Meghalaya is similar and different at the same time. With the influence of Christianity, there has been an inevitable exposure to the outside world, especially western societies. There have been changes in cultural practices, festivals, traditions, food habits, music choices, sensibilities, with a focus on individuality that is usually missing in indigenous cultures. A mixture of these circumstances and new sensibilities has also led to a more boisterous version of Khasi pride, and desire for exclusivity.
A friend who belongs to an old Punjabi settler family in Shillong recently remarked: “Non-tribals do not venture into tribal areas. You are living amongst them. It is unheard of and strange; a medal worthy effort. All Khasis, and one you [sic].” It sums up the daily struggle I had to go through in the village. I look as different from the locals as a person from north India can; I was taller than most men in the village, and when I’d go to the village market, I would be stared at, like a pig among chickens.
It wasn’t until the village headman decided I could stay and work in Smit, that I could. The block head gives permission to stay, and village headman grants permission to work. Before starting, anybody who wants to do any sort of work in the village has to take permission from the village headman. I had arrived here without any such prior knowledge. It helped that my landlady, belonging to an influential family, could put in a word. (I got to know of her through friends, by pure chance.) I first had to explain to her what I wanted to do, gain her trust, then meet the headman with a letter from my editor explaining what we hoped to achieve. If it all seems rather stressful, that’s because it was, given the uncertainty, and yet, I had already had several wonderful moments there. The initial awkwardness and suspicion was soon replaced with curiosity and jokes, then kwai (local paan) and tea.

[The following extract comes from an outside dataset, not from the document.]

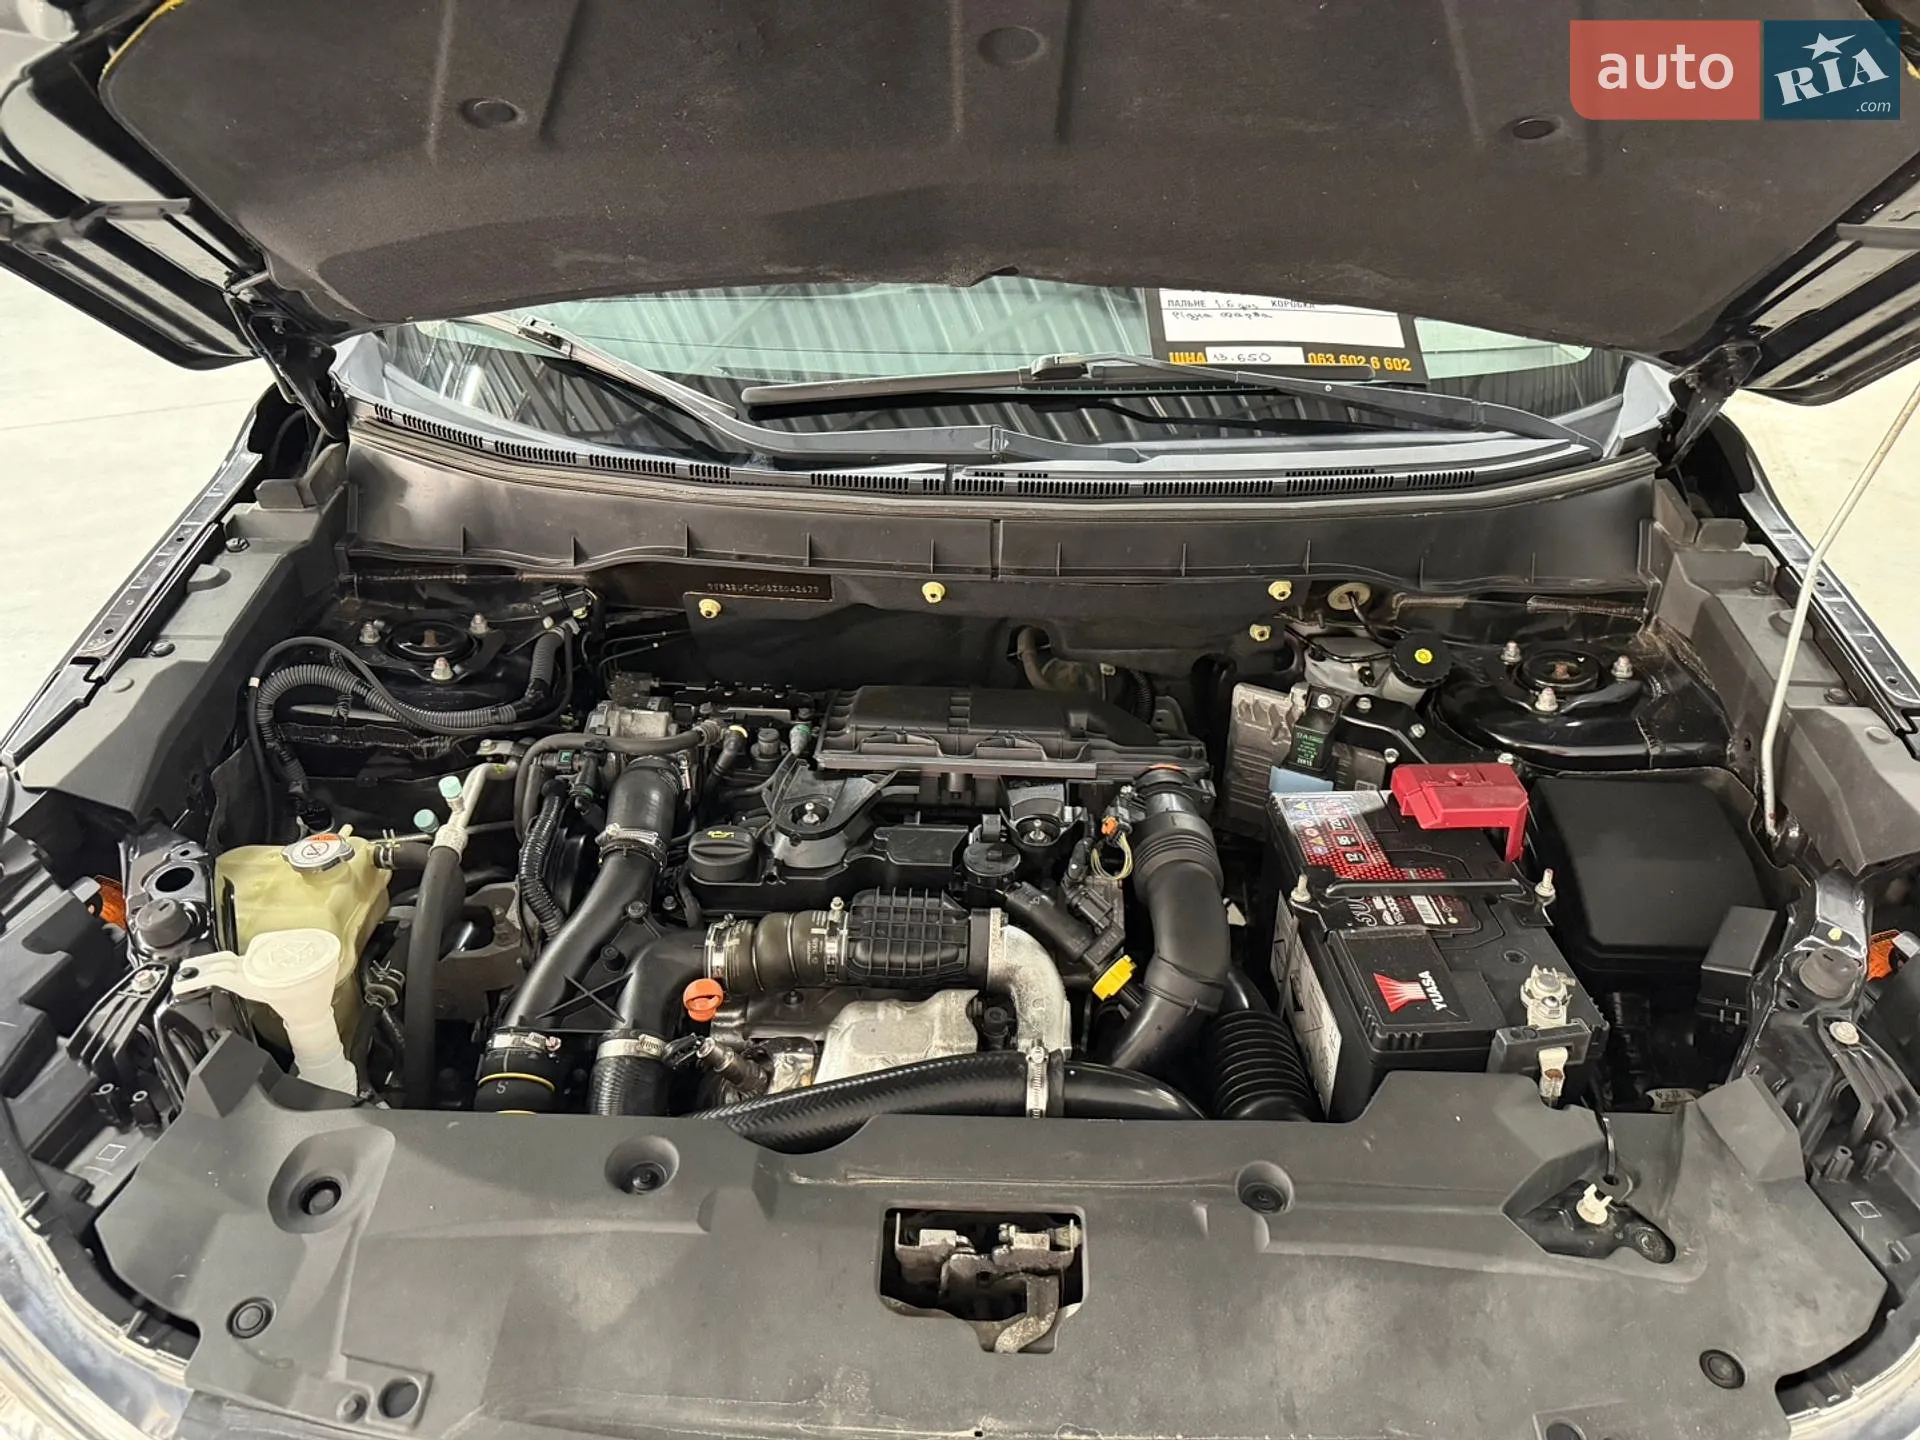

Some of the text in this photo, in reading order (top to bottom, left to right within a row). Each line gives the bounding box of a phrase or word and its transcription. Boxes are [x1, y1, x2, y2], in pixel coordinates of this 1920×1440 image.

As I settled in for my stay, I hoped to understand the individual stories of the villagers, their daily life and struggles. To meet with them regularly and trace the graph of their lives, whichever way it went…from the students who are the first from their families to attend college in Shillong, and dream of becoming urban professionals. The kids who learn kickboxing, and are crazy about football. The older women who still have some knowledge left of the forest around them, but nobody to pass it on to because everyone is busy earning a living. Men, women and children who attend church regularly and in such large numbers on Sundays that the weekly market — held every eight days — has to be shifted if it happens to fall on the same day. The young men who assemble on the village ground every Sunday afternoon to practise archery, the traditional sport, with competitions and bets placed on the best archers during an event held in October-November.
Smit fluctuates between its old and new values and systems, navigating the pull of modernity and tradition. Follow us follow their stories — a different world, within our own.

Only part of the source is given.